Material for the task
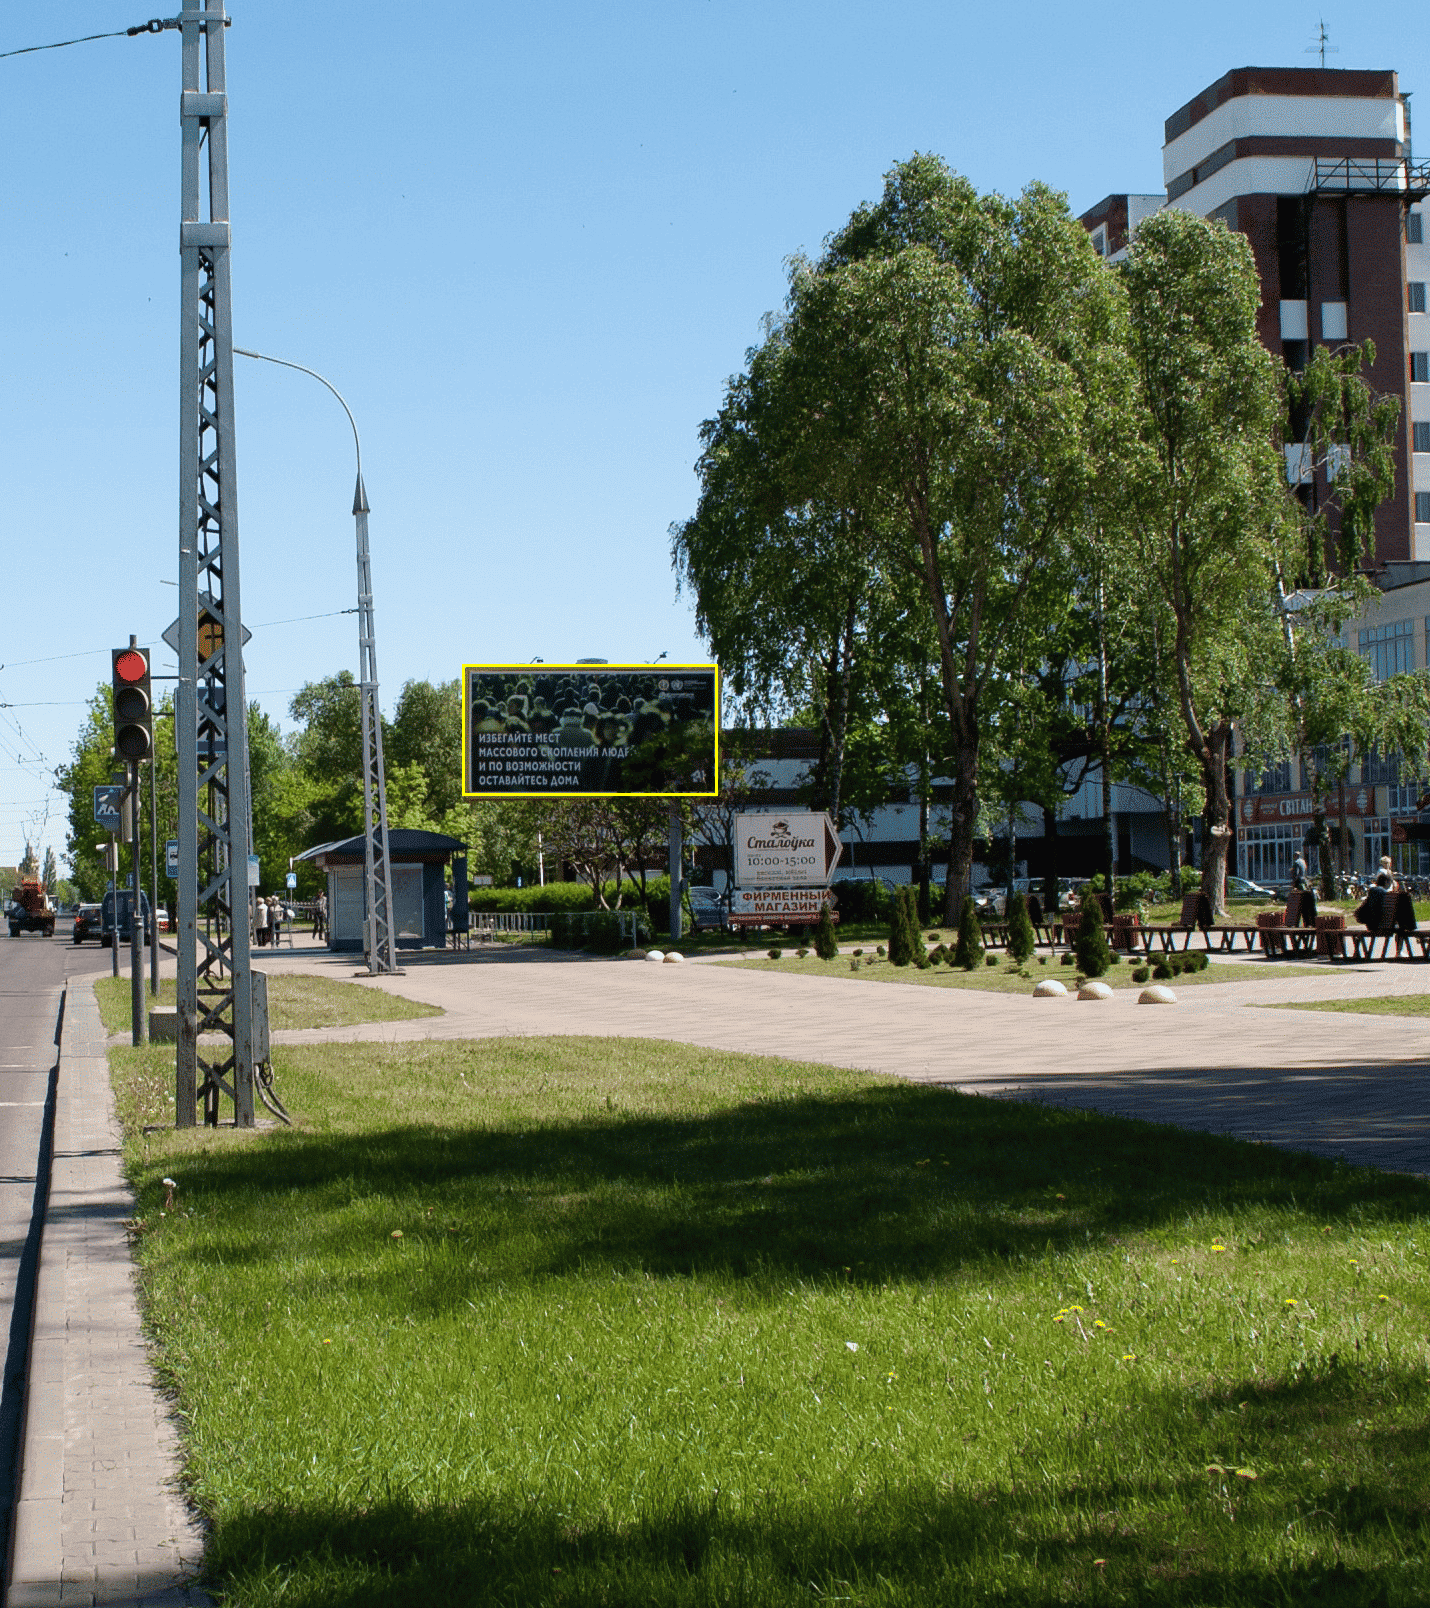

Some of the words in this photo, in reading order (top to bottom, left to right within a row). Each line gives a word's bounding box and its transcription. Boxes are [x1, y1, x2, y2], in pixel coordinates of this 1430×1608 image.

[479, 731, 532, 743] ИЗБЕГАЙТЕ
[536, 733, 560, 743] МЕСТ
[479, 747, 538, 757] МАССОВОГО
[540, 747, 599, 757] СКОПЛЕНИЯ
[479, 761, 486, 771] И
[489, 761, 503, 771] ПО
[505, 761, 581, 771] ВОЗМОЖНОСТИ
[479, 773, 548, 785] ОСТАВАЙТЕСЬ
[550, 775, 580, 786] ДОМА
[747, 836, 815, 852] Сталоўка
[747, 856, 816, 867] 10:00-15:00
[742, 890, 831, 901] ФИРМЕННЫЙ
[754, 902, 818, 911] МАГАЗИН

The problem
Reproduce the listing above exactly, but skip the pictures.

Solution for this exercise
Some of the words in this photo, in reading order (top to bottom, left to right within a row). Each line gives a word's bounding box and its transcription. Boxes are [x1, y1, x2, y2], in pixel coordinates of this 1430×1608 image.

[479, 731, 532, 743] ИЗБЕГАЙТЕ
[536, 733, 560, 743] МЕСТ
[479, 747, 538, 757] МАССОВОГО
[540, 747, 599, 757] СКОПЛЕНИЯ
[479, 761, 486, 771] И
[489, 761, 503, 771] ПО
[505, 761, 581, 771] ВОЗМОЖНОСТИ
[479, 773, 548, 785] ОСТАВАЙТЕСЬ
[550, 775, 580, 786] ДОМА
[747, 836, 815, 852] Сталоўка
[747, 856, 816, 867] 10:00-15:00
[742, 890, 831, 901] ФИРМЕННЫЙ
[754, 902, 818, 911] МАГАЗИН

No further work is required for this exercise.